§ **Given entries**
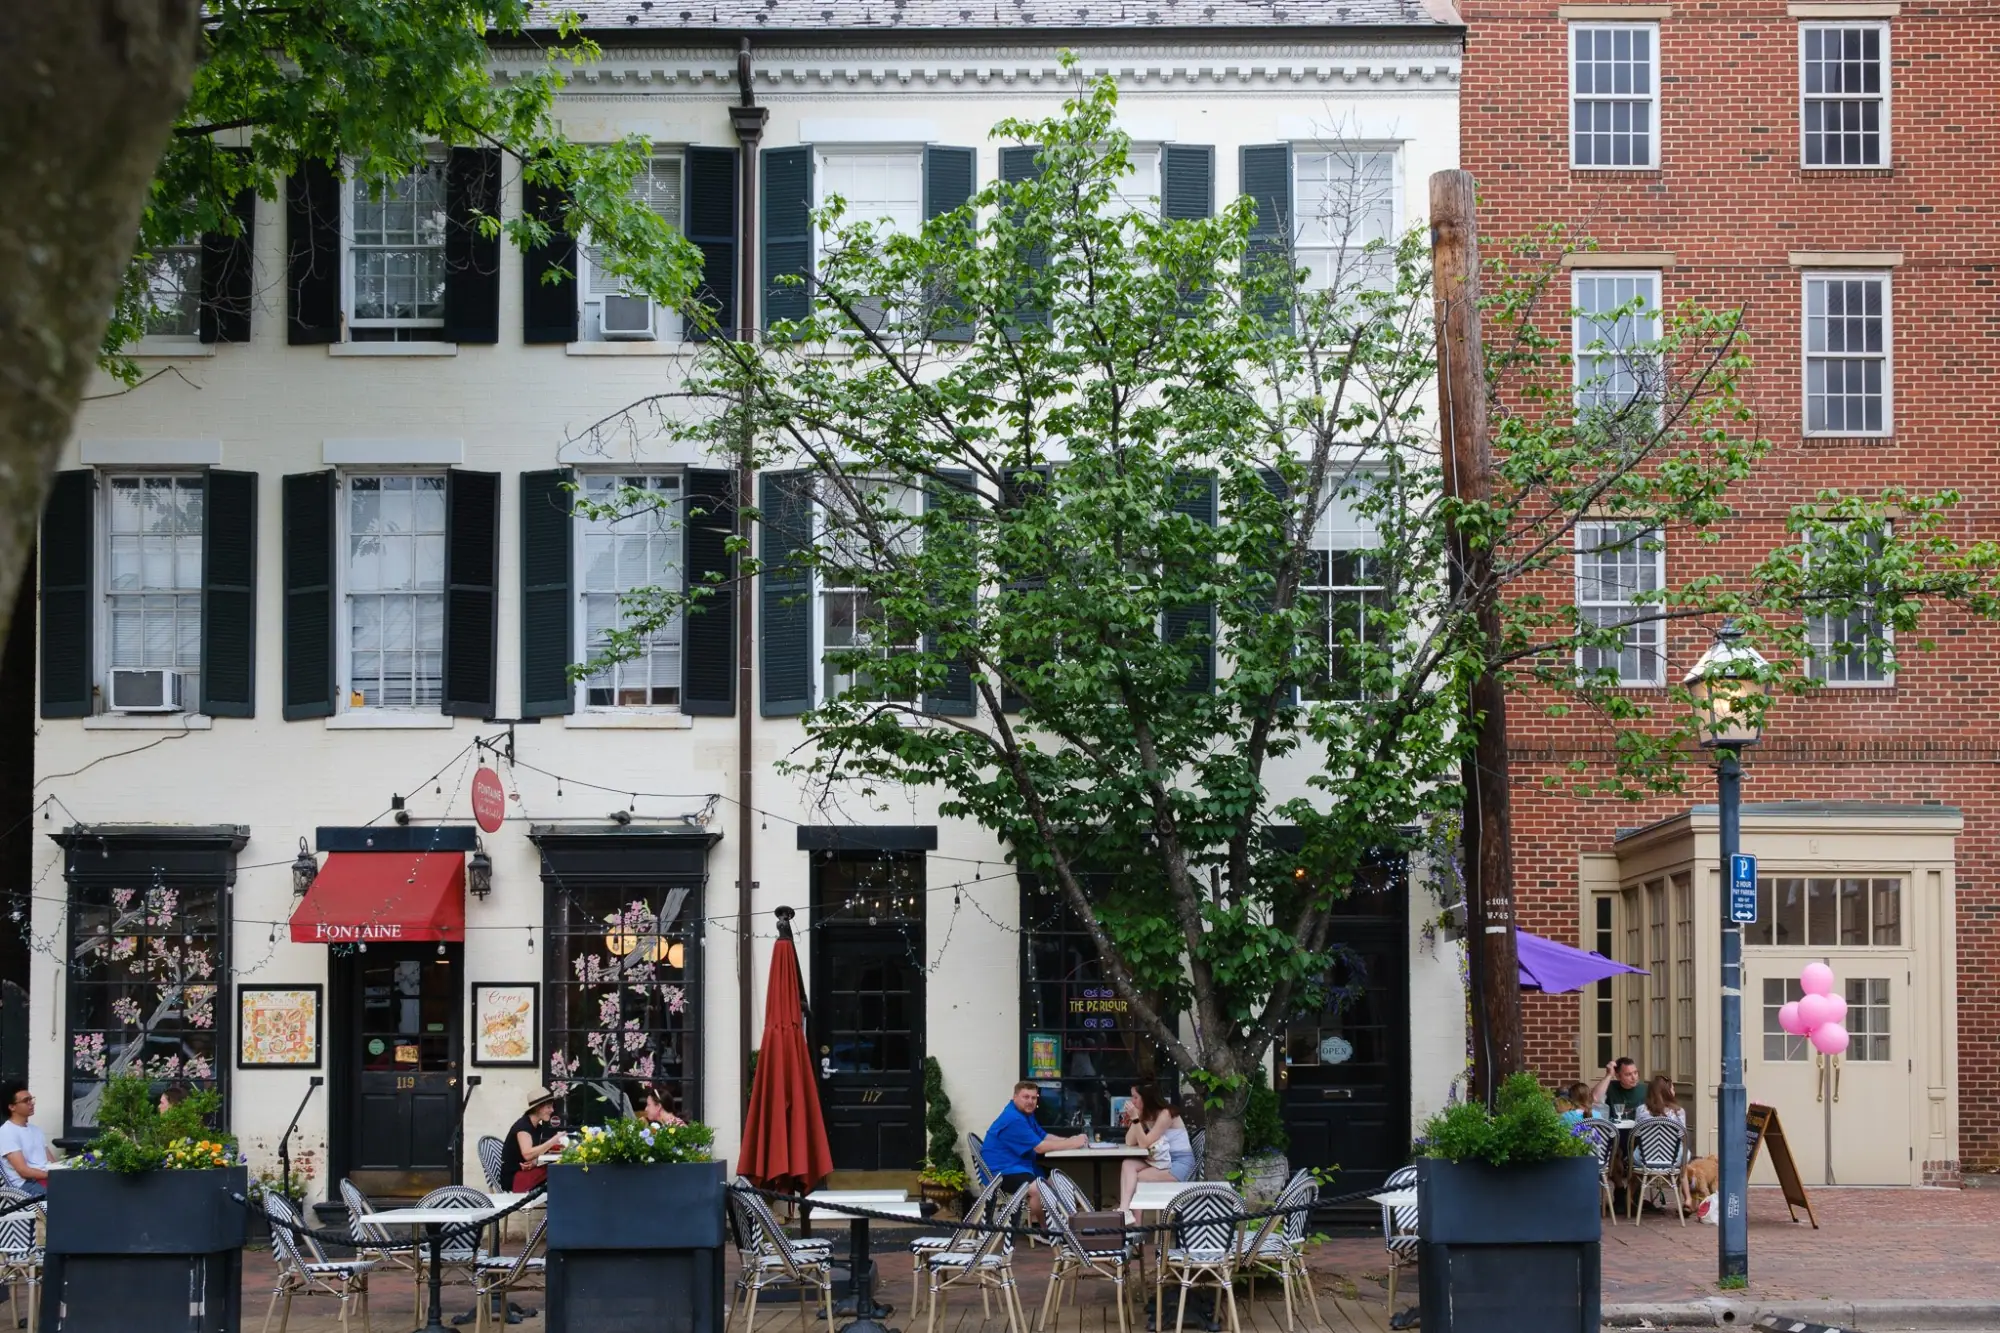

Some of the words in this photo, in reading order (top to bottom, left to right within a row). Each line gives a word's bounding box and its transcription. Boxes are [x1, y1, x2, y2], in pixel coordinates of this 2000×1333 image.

[477, 781, 502, 802] FONTAINE
[1740, 860, 1748, 878] P
[316, 923, 402, 938] FONTAINE
[487, 990, 524, 1005] Crepes
[1069, 1000, 1085, 1013] THE
[1086, 1000, 1128, 1013] PARLOUR
[1322, 1047, 1347, 1055] OPEN
[396, 1076, 415, 1089] 119
[862, 1090, 883, 1103] 117

§ **Your task**
Output all the records, word for word, with no pictures in the copy.

§ **Exercise output**
Some of the words in this photo, in reading order (top to bottom, left to right within a row). Each line gives a word's bounding box and its transcription. Boxes are [x1, y1, x2, y2], in pixel coordinates of this 2000×1333 image.

[477, 781, 502, 802] FONTAINE
[1740, 860, 1748, 878] P
[316, 923, 402, 938] FONTAINE
[487, 990, 524, 1005] Crepes
[1069, 1000, 1085, 1013] THE
[1086, 1000, 1128, 1013] PARLOUR
[1322, 1047, 1347, 1055] OPEN
[396, 1076, 415, 1089] 119
[862, 1090, 883, 1103] 117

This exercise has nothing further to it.